## Exercise objective
Exact reproduction is required for all entries.

## Material for the task
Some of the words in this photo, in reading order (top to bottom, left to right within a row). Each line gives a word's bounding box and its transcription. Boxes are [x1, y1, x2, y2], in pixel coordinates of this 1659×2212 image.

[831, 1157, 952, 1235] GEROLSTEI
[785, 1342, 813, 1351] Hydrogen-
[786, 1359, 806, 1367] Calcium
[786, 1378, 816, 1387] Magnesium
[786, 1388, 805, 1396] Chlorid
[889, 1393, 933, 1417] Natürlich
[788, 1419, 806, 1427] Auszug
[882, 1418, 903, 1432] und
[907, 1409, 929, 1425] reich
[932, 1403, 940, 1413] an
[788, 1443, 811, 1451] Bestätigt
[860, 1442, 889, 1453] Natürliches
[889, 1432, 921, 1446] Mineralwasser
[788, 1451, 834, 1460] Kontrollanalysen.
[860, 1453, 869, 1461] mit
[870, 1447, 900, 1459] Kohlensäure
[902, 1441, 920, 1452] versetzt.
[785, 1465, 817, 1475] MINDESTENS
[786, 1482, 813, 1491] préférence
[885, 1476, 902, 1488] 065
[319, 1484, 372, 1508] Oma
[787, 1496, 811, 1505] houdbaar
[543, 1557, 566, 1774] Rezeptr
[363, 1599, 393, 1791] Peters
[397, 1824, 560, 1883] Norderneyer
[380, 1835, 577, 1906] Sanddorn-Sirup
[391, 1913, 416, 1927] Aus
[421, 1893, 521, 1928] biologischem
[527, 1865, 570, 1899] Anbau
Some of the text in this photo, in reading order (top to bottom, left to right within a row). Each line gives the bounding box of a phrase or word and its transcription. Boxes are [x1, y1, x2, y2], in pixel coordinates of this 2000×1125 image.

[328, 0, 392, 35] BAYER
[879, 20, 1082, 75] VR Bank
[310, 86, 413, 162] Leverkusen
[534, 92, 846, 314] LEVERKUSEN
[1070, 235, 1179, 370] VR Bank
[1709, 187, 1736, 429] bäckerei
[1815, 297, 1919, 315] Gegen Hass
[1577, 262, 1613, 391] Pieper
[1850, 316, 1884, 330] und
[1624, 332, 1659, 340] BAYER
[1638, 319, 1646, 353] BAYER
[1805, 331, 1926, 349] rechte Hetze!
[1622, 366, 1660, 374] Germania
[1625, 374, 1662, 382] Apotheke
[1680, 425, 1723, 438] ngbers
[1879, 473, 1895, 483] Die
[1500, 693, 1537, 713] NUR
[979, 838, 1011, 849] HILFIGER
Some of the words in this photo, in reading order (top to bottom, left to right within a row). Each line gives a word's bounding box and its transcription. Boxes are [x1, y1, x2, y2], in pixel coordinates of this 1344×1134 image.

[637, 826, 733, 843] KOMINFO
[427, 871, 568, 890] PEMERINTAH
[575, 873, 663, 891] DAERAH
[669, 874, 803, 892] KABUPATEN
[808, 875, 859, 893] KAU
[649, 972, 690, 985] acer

## Solution for this exercise
Some of the words in this photo, in reading order (top to bottom, left to right within a row). Each line gives a word's bounding box and its transcription. Boxes are [x1, y1, x2, y2], in pixel coordinates of this 1659×2212 image.

[831, 1157, 952, 1235] GEROLSTEI
[785, 1342, 813, 1351] Hydrogen-
[786, 1359, 806, 1367] Calcium
[786, 1378, 816, 1387] Magnesium
[786, 1388, 805, 1396] Chlorid
[889, 1393, 933, 1417] Natürlich
[788, 1419, 806, 1427] Auszug
[882, 1418, 903, 1432] und
[907, 1409, 929, 1425] reich
[932, 1403, 940, 1413] an
[788, 1443, 811, 1451] Bestätigt
[860, 1442, 889, 1453] Natürliches
[889, 1432, 921, 1446] Mineralwasser
[788, 1451, 834, 1460] Kontrollanalysen.
[860, 1453, 869, 1461] mit
[870, 1447, 900, 1459] Kohlensäure
[902, 1441, 920, 1452] versetzt.
[785, 1465, 817, 1475] MINDESTENS
[786, 1482, 813, 1491] préférence
[885, 1476, 902, 1488] 065
[319, 1484, 372, 1508] Oma
[787, 1496, 811, 1505] houdbaar
[543, 1557, 566, 1774] Rezeptr
[363, 1599, 393, 1791] Peters
[397, 1824, 560, 1883] Norderneyer
[380, 1835, 577, 1906] Sanddorn-Sirup
[391, 1913, 416, 1927] Aus
[421, 1893, 521, 1928] biologischem
[527, 1865, 570, 1899] Anbau
Some of the text in this photo, in reading order (top to bottom, left to right within a row). Each line gives the bounding box of a phrase or word and its transcription. Boxes are [x1, y1, x2, y2], in pixel coordinates of this 2000×1125 image.

[328, 0, 392, 35] BAYER
[879, 20, 1082, 75] VR Bank
[310, 86, 413, 162] Leverkusen
[534, 92, 846, 314] LEVERKUSEN
[1070, 235, 1179, 370] VR Bank
[1709, 187, 1736, 429] bäckerei
[1815, 297, 1919, 315] Gegen Hass
[1577, 262, 1613, 391] Pieper
[1850, 316, 1884, 330] und
[1624, 332, 1659, 340] BAYER
[1638, 319, 1646, 353] BAYER
[1805, 331, 1926, 349] rechte Hetze!
[1622, 366, 1660, 374] Germania
[1625, 374, 1662, 382] Apotheke
[1680, 425, 1723, 438] ngbers
[1879, 473, 1895, 483] Die
[1500, 693, 1537, 713] NUR
[979, 838, 1011, 849] HILFIGER
Some of the words in this photo, in reading order (top to bottom, left to right within a row). Each line gives a word's bounding box and its transcription. Boxes are [x1, y1, x2, y2], in pixel coordinates of this 1344×1134 image.

[637, 826, 733, 843] KOMINFO
[427, 871, 568, 890] PEMERINTAH
[575, 873, 663, 891] DAERAH
[669, 874, 803, 892] KABUPATEN
[808, 875, 859, 893] KAU
[649, 972, 690, 985] acer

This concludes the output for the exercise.